# Tried a local tournament



## nlcatfish (Mar 21, 2005)

May 22nd. I got up at 5 a.m. to head off to a local catfish tournament. I arrived at the ramp and meet my friend and paid my share of the entry fee. WE got his boat launched and on the Ohio River for the 7 a.m. start. My friend powered the boat and we headed down river. There was a slight mist and a light breeze on the water; we got our lines in the water around 7:30.

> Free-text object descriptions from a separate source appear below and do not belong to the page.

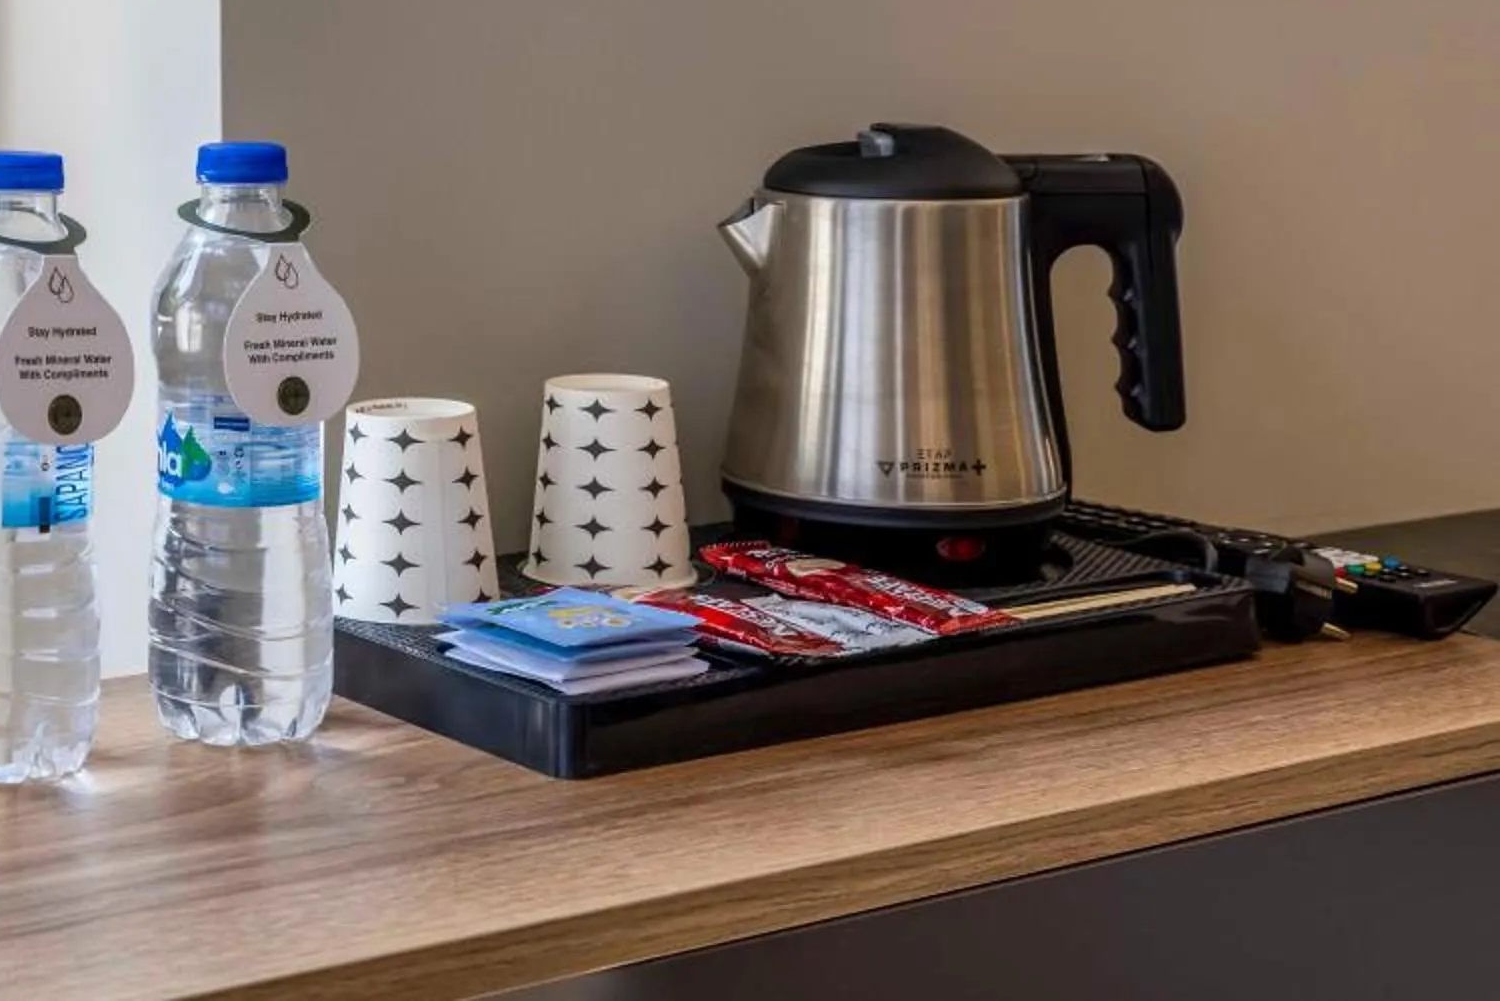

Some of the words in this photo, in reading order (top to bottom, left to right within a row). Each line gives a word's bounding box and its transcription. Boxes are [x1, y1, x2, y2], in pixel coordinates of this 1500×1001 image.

[256, 311, 277, 324] Stay
[279, 310, 323, 323] Hydrated
[27, 326, 50, 339] Stay
[52, 326, 97, 339] Hydrated
[273, 338, 309, 349] Mineral
[45, 355, 81, 366] Mineral
[247, 353, 270, 364] With
[271, 350, 336, 363] Compliments
[19, 369, 42, 380] With
[43, 368, 109, 381] Compliments
[55, 443, 89, 522] SAPANC
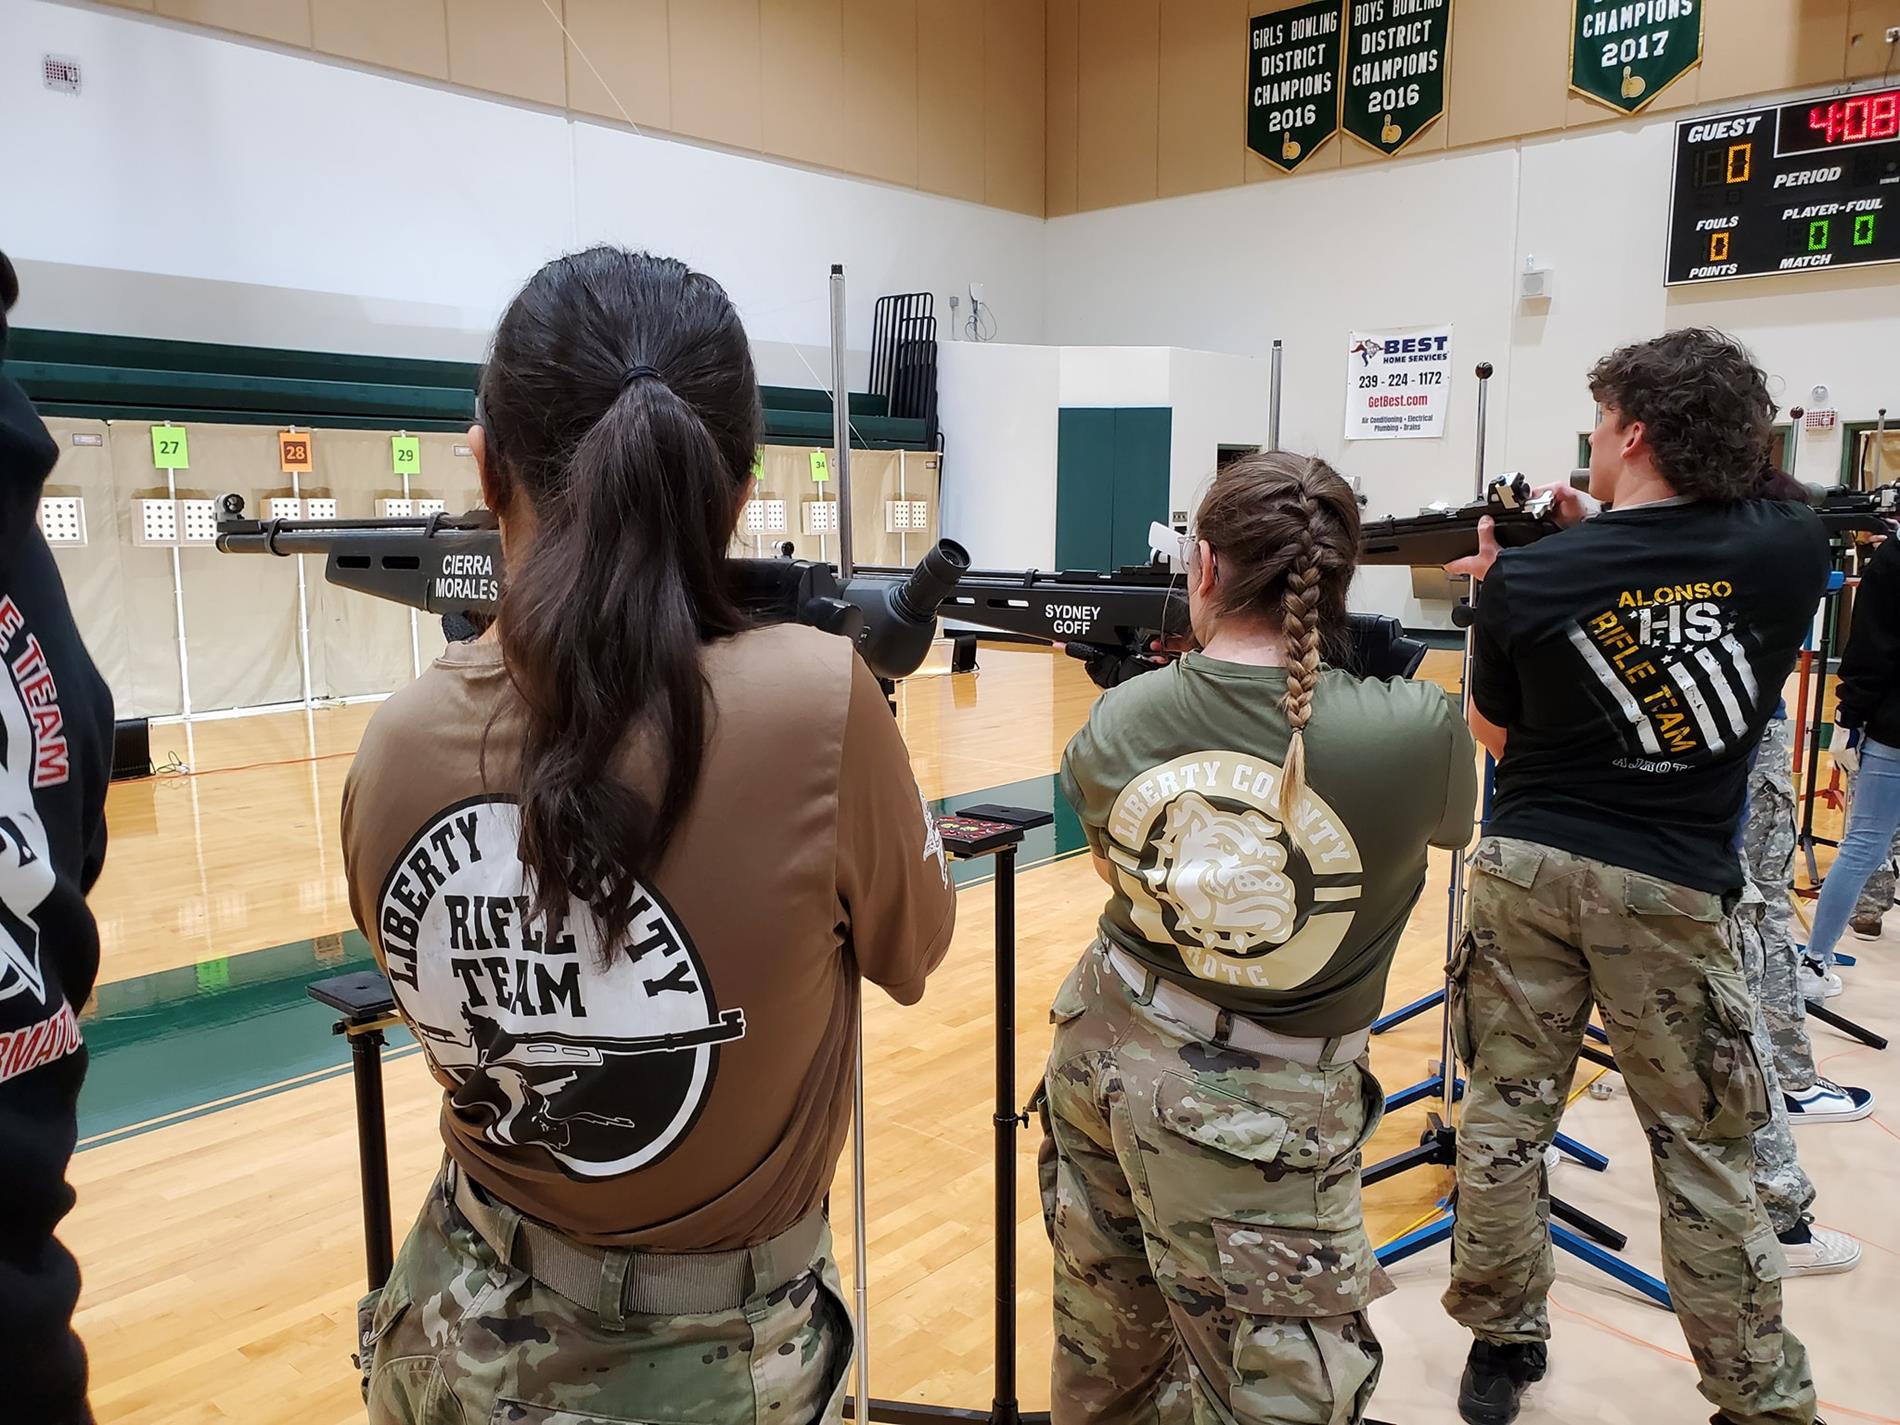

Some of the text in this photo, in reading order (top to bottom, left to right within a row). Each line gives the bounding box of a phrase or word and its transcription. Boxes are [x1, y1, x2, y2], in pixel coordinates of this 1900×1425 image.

[1354, 0, 1384, 26] BOYS
[1582, 0, 1692, 38] CHAMPIONS
[1253, 11, 1338, 50] GIRLS BOWLING
[1361, 19, 1432, 55] DISTRICT
[1261, 43, 1326, 77] DISTRICT
[1601, 30, 1669, 67] 2017
[1352, 49, 1438, 86] CHAMPIONS
[1254, 71, 1332, 107] CHAMPIONS
[1368, 83, 1420, 113] 2016
[1269, 104, 1316, 133] 2016
[1688, 116, 1762, 143] GUEST
[1810, 95, 1897, 143] 4:08
[1726, 144, 1752, 184] 0
[1773, 166, 1842, 189] PERIOD
[1695, 215, 1739, 231] FOULS
[1782, 198, 1883, 220] PLAYER-FOUL
[1808, 214, 1875, 250] 0 0
[1710, 231, 1729, 262] 0
[1688, 263, 1738, 279] POINTS
[1779, 254, 1832, 270] MATCH
[1383, 352, 1448, 364] HOME SERVICES
[1384, 336, 1448, 355] BEST
[1359, 375, 1378, 389] 239
[1388, 373, 1408, 387] 224
[1419, 371, 1442, 385] 1172
[1368, 394, 1428, 408] GetBest.com
[1374, 423, 1421, 432] Plumbing Drains
[1407, 414, 1433, 423] Electrical
[159, 440, 180, 455] 27
[285, 446, 306, 461] 28
[397, 449, 414, 462] 29
[442, 554, 493, 576] CIERRA
[435, 577, 499, 602] MORALES
[1618, 580, 1733, 609] ALONSO
[1045, 604, 1101, 621] SYDNEY
[1638, 601, 1722, 646] HS
[1053, 619, 1091, 635] GOFF
[1587, 609, 1698, 753] RIFLE TAM
[11, 631, 70, 789] TEAM
[1114, 760, 1351, 864] LIBERTY CONTY
[385, 811, 482, 993] LIBERTY
[450, 956, 588, 1018] TEAM

We had a total of 9 rods in the water. With all kinds of bait to see what the cats would hit. Thawed skip jack, fresh catfish cubes, and cherry chicken breast, were the baits. 7:55 Curtis hooked a 2 pound channel cat. That brooked the ice for the day. Then the fish had lock jaw for nothing even tap the rods for some time. Around 10:55 one of my rods got hammered, I let the fish hook itself. I knew it was a nice fish as soon as I cranked the reel. It stayed down giving me a thrilling fight. Curtis netted the blue cat; as he set the net down the hook came free! That cat weighted 10lbs and 2oz., we took a couple photos with my phone and it was placed into the live well. We had hoped we might get the 5 fish limit at that time.
We stayed in the same 1 mile section of the deep water for the rest of the day. We did move around in that area several times, just a couple of taps. I did have one had bite, but I did not get a firm hook set and the fish got off. Needless to say, I was mad with myself for losing the fish. Several hours pass before Curtis rod got bent over, it was another nice Blue cat. This fish came in a 9 lbs 1 oz., so we got a photo of it before putting it in the live well. 

We did have to go back with only our 3 fish. When we tied up Curtis went to get the truck, I watch a number of the groups that had weighed in unloaded their catch at the dock, I was just disheartened to see so many with nice loads of 5 cats they had caught. After Curtis got the boat on the trailer we weighed in our catch, they totaled 21.1 pounds. I had hoped to get a couple of pictures of the blue cats, but Curtis dumped them in the water before I had the chance. We went straight back to the truck and I unloaded all my stuff and put it I my car.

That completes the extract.